MATERIAL TO PROCESS:
━━━━━━

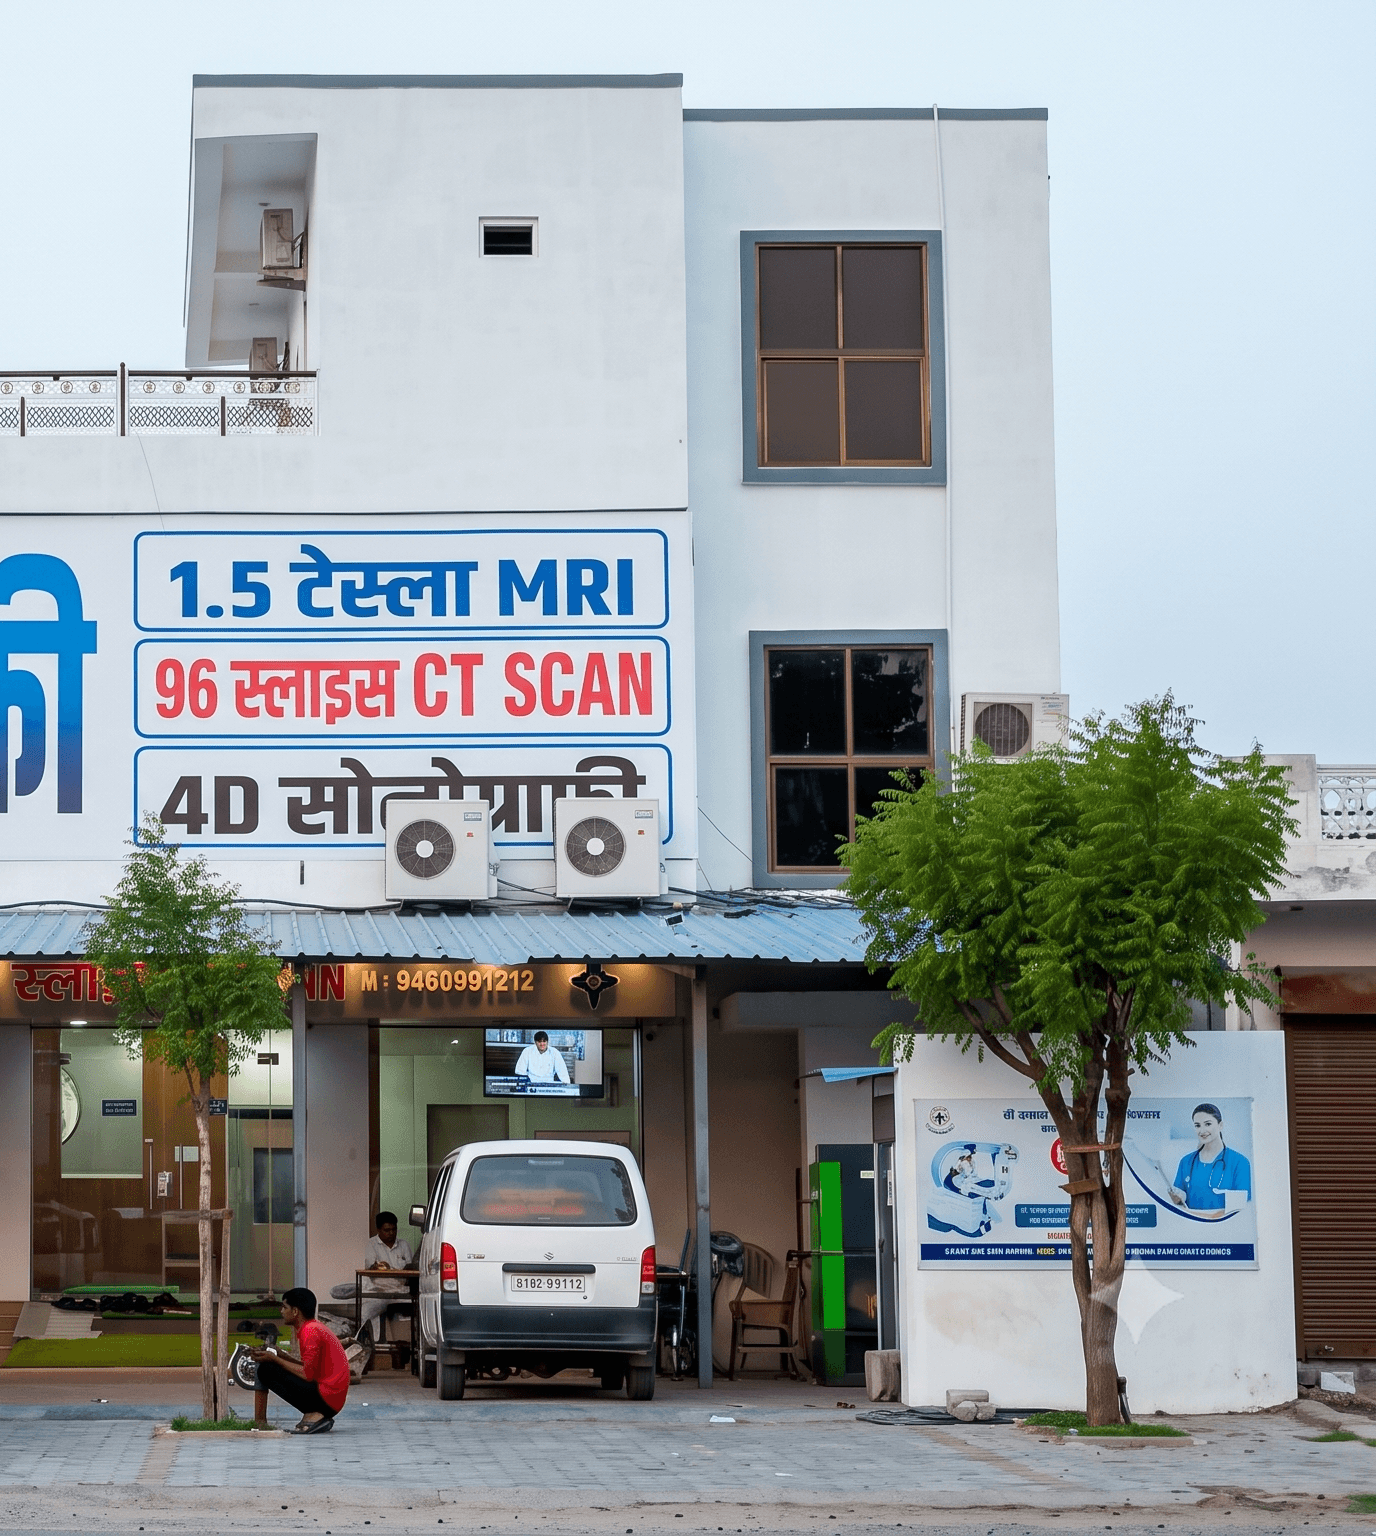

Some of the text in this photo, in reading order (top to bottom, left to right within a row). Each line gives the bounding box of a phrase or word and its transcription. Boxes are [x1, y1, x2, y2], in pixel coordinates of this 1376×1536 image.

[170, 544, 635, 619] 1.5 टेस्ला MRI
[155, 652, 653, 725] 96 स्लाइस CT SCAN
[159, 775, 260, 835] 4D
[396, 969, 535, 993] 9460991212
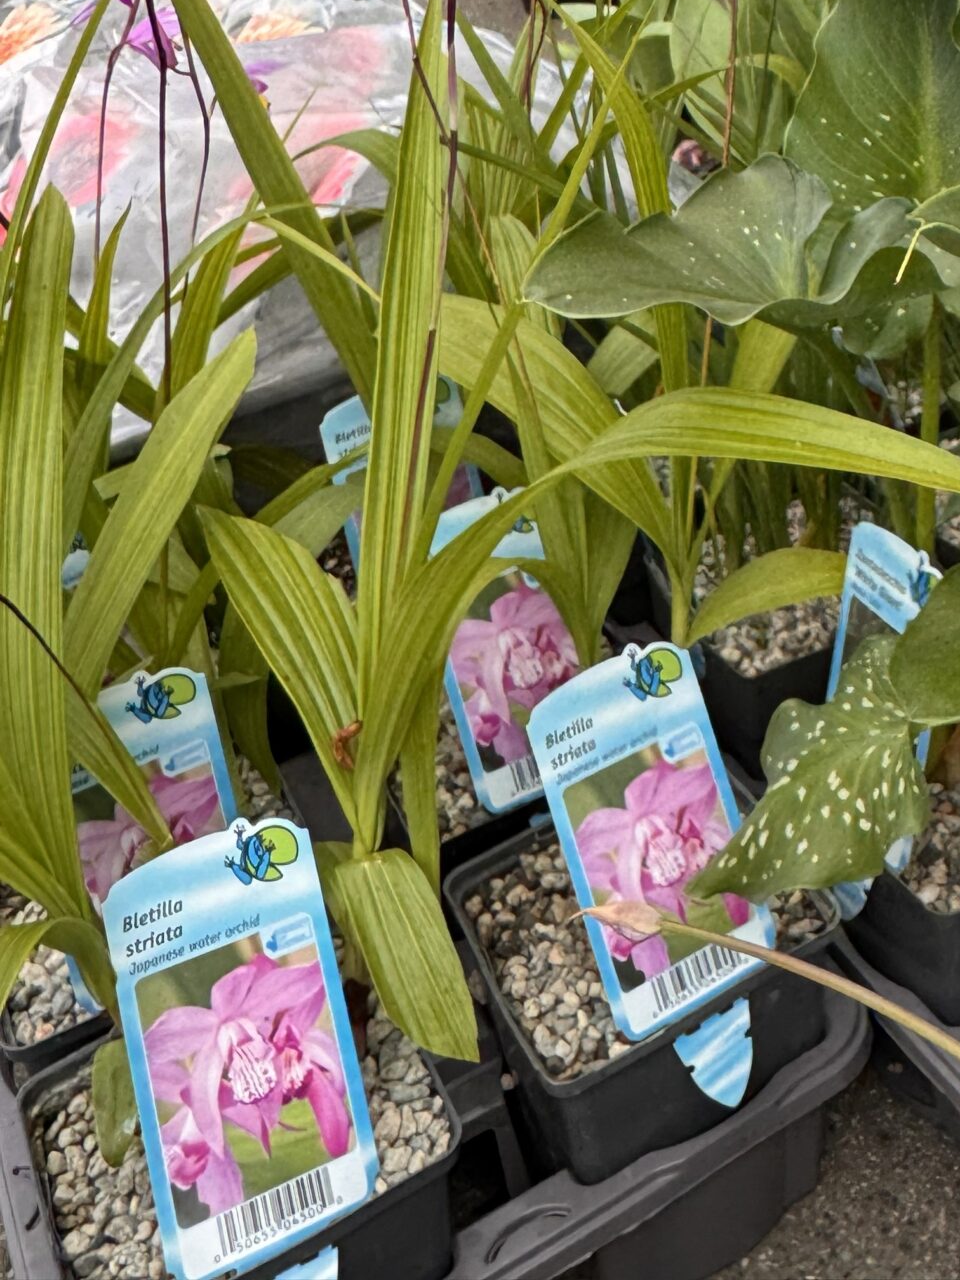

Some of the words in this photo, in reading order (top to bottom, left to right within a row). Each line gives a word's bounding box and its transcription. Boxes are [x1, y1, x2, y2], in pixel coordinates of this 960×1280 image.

━━━━━━

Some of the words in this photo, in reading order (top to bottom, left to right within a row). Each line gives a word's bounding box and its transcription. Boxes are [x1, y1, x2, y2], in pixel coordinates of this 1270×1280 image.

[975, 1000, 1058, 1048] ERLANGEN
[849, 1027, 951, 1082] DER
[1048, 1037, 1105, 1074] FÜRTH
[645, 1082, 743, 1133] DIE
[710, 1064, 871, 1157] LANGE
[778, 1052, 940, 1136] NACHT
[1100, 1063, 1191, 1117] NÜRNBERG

━━━━━━

TASK ITEM: Would you output only the span of the records above that opens with the line containing "Some of the text" and closes with the line containing "this 960×1280 image.", ends included and pictures dropped?

TASK RESPONSE:
Some of the text in this photo, in reading order (top to bottom, left to right within a row). Each line gives the bounding box of a phrase or word and its transcription. Boxes are [x1, y1, x2, y2], in pixel coordinates of this 1376×1536 image.

[170, 544, 635, 619] 1.5 टेस्ला MRI
[155, 652, 653, 725] 96 स्लाइस CT SCAN
[159, 775, 260, 835] 4D
[396, 969, 535, 993] 9460991212

Some of the words in this photo, in reading order (top to bottom, left to right within a row). Each line gives a word's bounding box and its transcription. Boxes are [x1, y1, x2, y2], in pixel coordinates of this 960×1280 image.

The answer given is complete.